Microbes are central to life on Earth, but their biodiversity is threatened by anthropogenic activities. Can international efforts in conservation and restoration curb this incalculable loss?

Author: Vilhelmiina Haavisto. Vilhelmiina is a freelance science writer and PhD student at ETH Zürich in Switzerland, where she works with marine microbial communities.

You would be hard-pressed to find an ecosystem on Earth uninhabited by microbes. From cycling essential elements to helping us digest our food and producing important industrial compounds, the services that microscopic organisms provide to all of Earth’s inhabitants is staggering in its scale and complexity. Putting numbers on the world’s microbial diversity is difficult, as the very definition of a microbial “species” is fraught with disagreement in the scientific community. They are capable of an incredibly vast variety of lifestyles and can rapidly evolve to occupy new niches, making them a rich and diverse group of organisms.  

However, much like the biodiversity of larger organisms that we hear so much about, microbial biodiversity is also on the decline worldwide. The threats are familiar, and anthropogenic – climate change, urbanization, and changes in land use, among many others. The threats extend to virtually all microbial ecosystems — soils, animal-associated microbiomes, and even fermented foods, to name a few — and are leading to homogenization of the microbial biodiversity pool, the loss of what makes different locations around the world microbiologically special.
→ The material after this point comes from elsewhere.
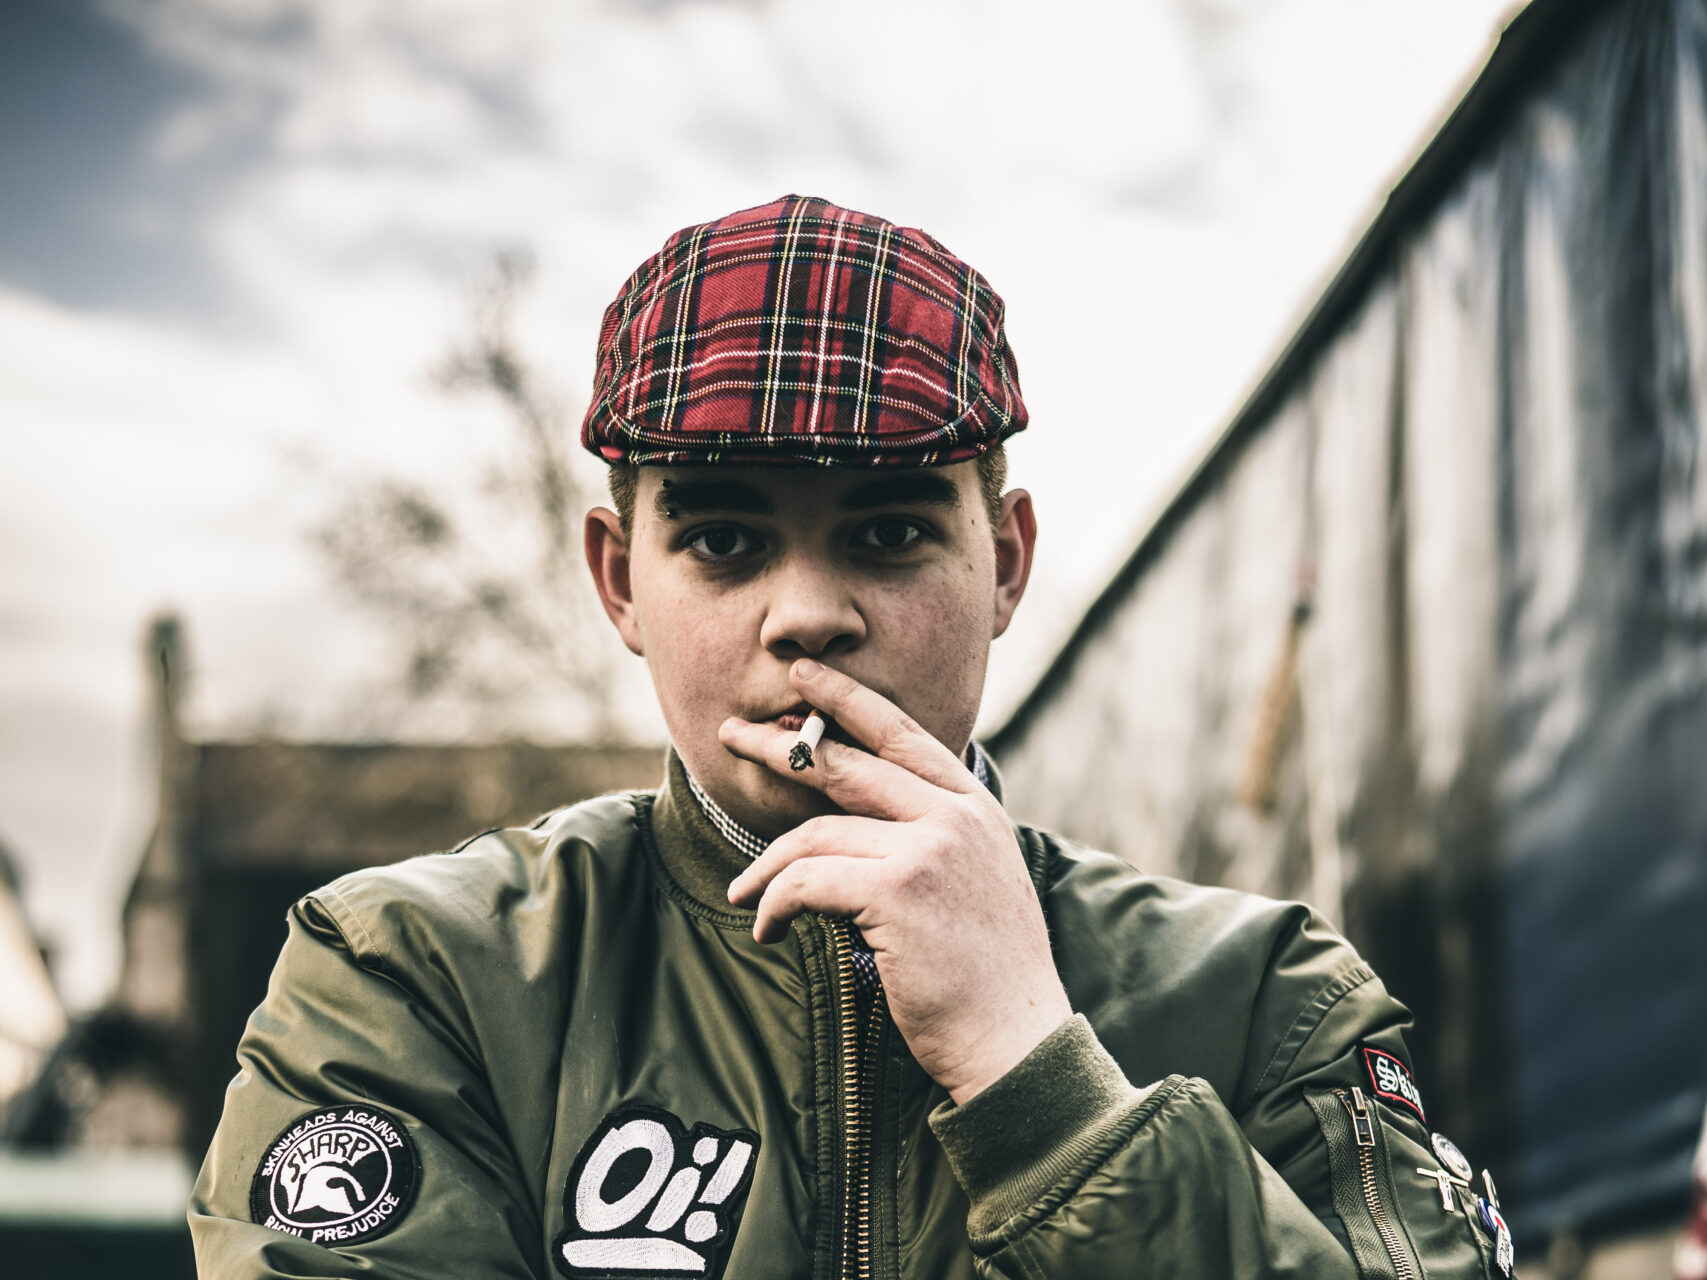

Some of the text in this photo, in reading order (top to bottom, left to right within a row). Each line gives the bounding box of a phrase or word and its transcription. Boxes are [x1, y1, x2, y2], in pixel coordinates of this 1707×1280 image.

[261, 1109, 404, 1177] SKINHEADS AGAINST
[287, 1132, 371, 1184] SHARP
[575, 1118, 753, 1243] Oi!
[311, 1192, 401, 1243] PREJUDICE
So, what to do? First, we need to know what is out there; “you cannot manage what you do not measure,” wrote a group of scientists in a paper discussing the conservation of soil microbes in October 2022. They posit that to harness the full potential of microbial life on our planet, it is essential that we understand how best to monitor and conserve it. “We need big datasets to know what is there, so we can be effective at conserving…microbial biodiversity,” says Dr Colin Averill, a senior scientist at the Crowther Lab at ETH Zürich, Switzerland, and first author of the paper.

Image Credit: Crowther Lab

Gathering information about the microbial makeup of different regions and ecosystems has never been easier, as genetic sequencing technologies become increasingly widespread and cost-effective. For example, the Earth Microbiome Project crowd-sources environmental and human-associated samples to systematically catalogue the microbial life on our planet. Meanwhile, more local efforts such as the African Microbiome Institute at Stellenbosch University in South Africa aim to stimulate microbiome research in ecosystems and populations that are historically underrepresented in microbiome datasets. Together, such efforts contribute to a deeper understanding of the microbial diversity that surrounds us, and highlight what we risk losing.
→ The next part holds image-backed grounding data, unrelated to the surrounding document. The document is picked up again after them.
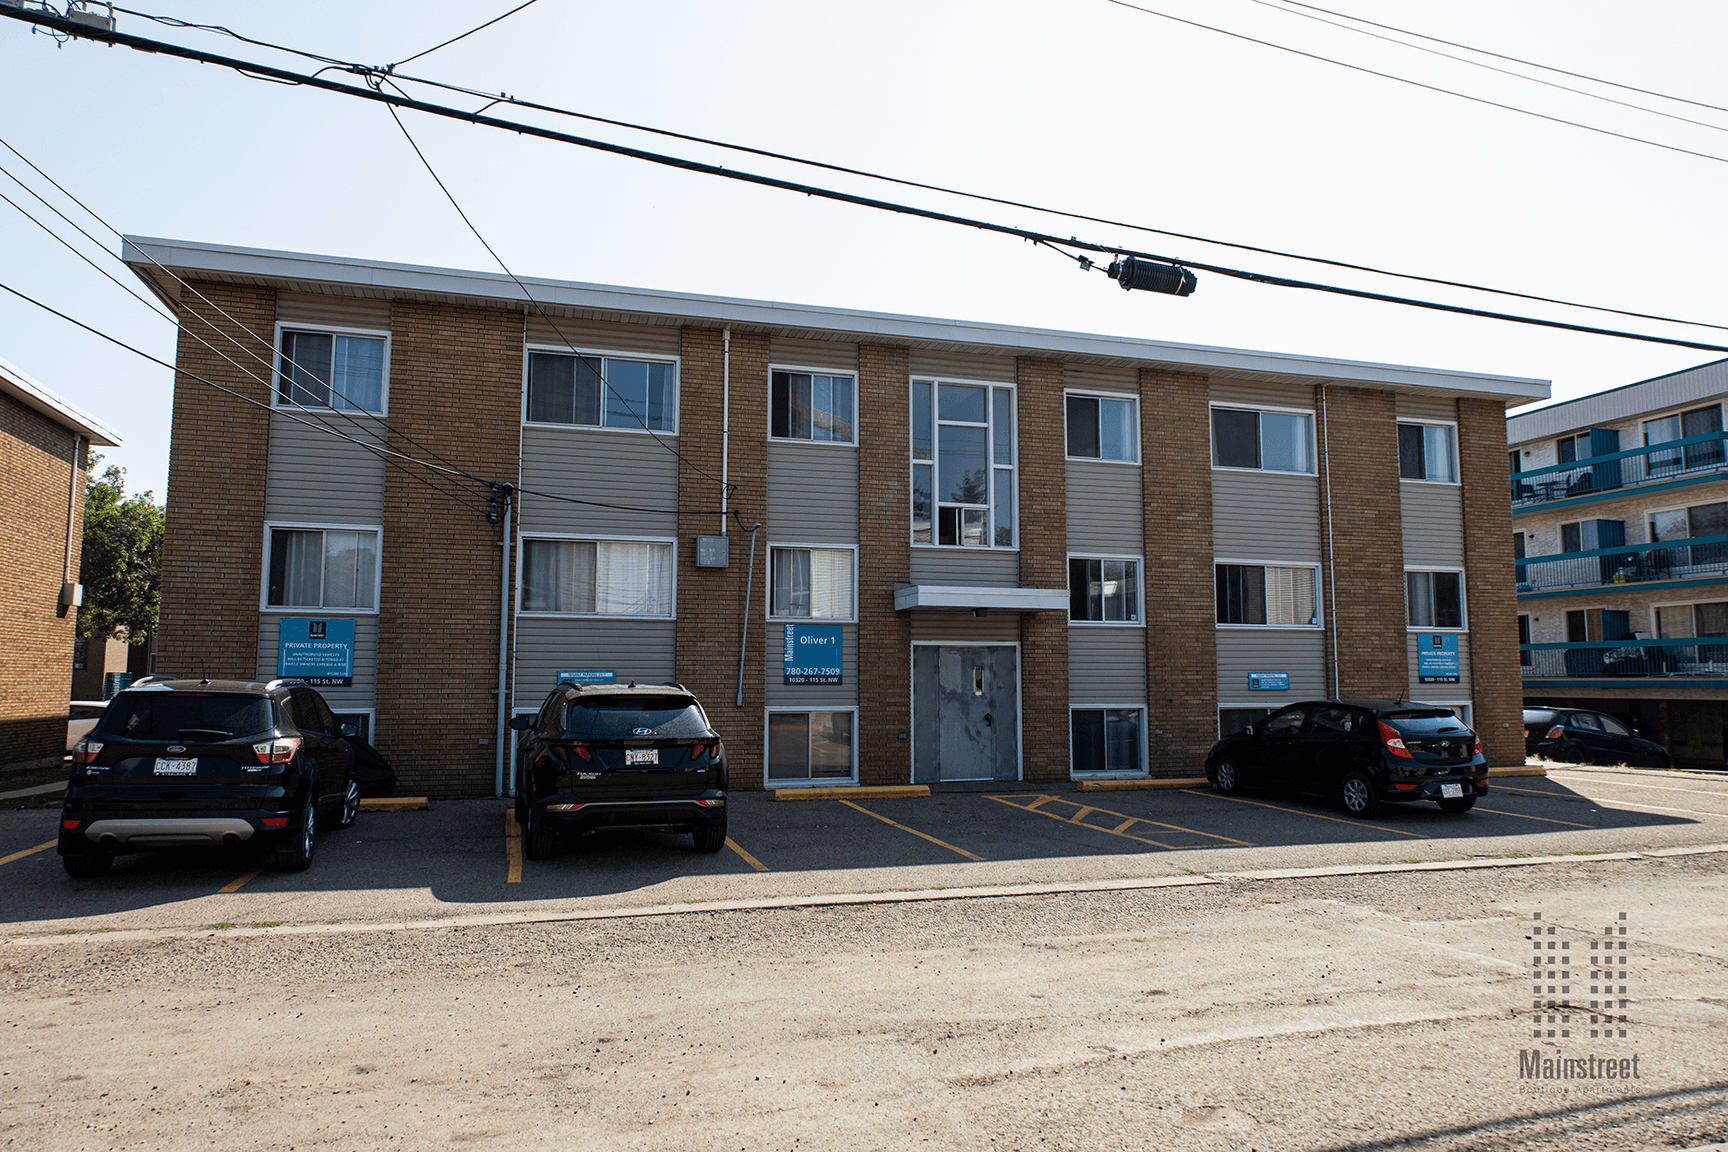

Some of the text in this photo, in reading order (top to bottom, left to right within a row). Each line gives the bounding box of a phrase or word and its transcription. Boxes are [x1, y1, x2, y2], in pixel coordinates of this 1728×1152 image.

[784, 624, 794, 662] Mainstreet
[800, 635, 835, 645] Oliver 1
[313, 642, 348, 650] PROPERTY
[786, 667, 840, 676] 780-267-7509
[155, 761, 197, 771] CCK-4387
A microbial vault for humanity

The insight and value that all living organisms on our planet can provide is unquantifiable, and more than justifies both macro- and micro-organismal restoration efforts. However, in the race against time that is the climate and biodiversity crisis, we risk losing these benefits altogether. Underrepresentation compounds this problem, as we do not even know what we could be missing by under-sampling certain populations and ecosystems. “As we erode this biodiversity”, Averill remarks, “we close doors on novel ways to support our managed food and forest landscapes…and billions of years of evolutionary insight.” Techniques to study microbial life are continuously developing, but what use will they have if we lose their targets in the meantime?

Image credit: Crowther Lab

Luckily, conservation can happen in the literal sense for microbes, just as it does for animals and plants. Enter the Microbiota Vault Initiative. Inspired by the Svalbard Global Seed Vault, a collection of over 1 million plant seeds from around the world, the Initiative “aims at conserving the world’s human-beneficial microbes for future generations”, explains Prof. Pascale Vonaesch, one of the Initiative’s core members. “The aim is to safeguard microbes [from] around the world, especially from communities still living a traditional lifestyle and having an especially rich microbiome.” In contrast to existing projects such as the Global Microbiome Conservancy, who mainly store single-strain samples of microbes, the Microbiota Vault Initiative seeks to store entire complex communities from human, food, and environmental samples.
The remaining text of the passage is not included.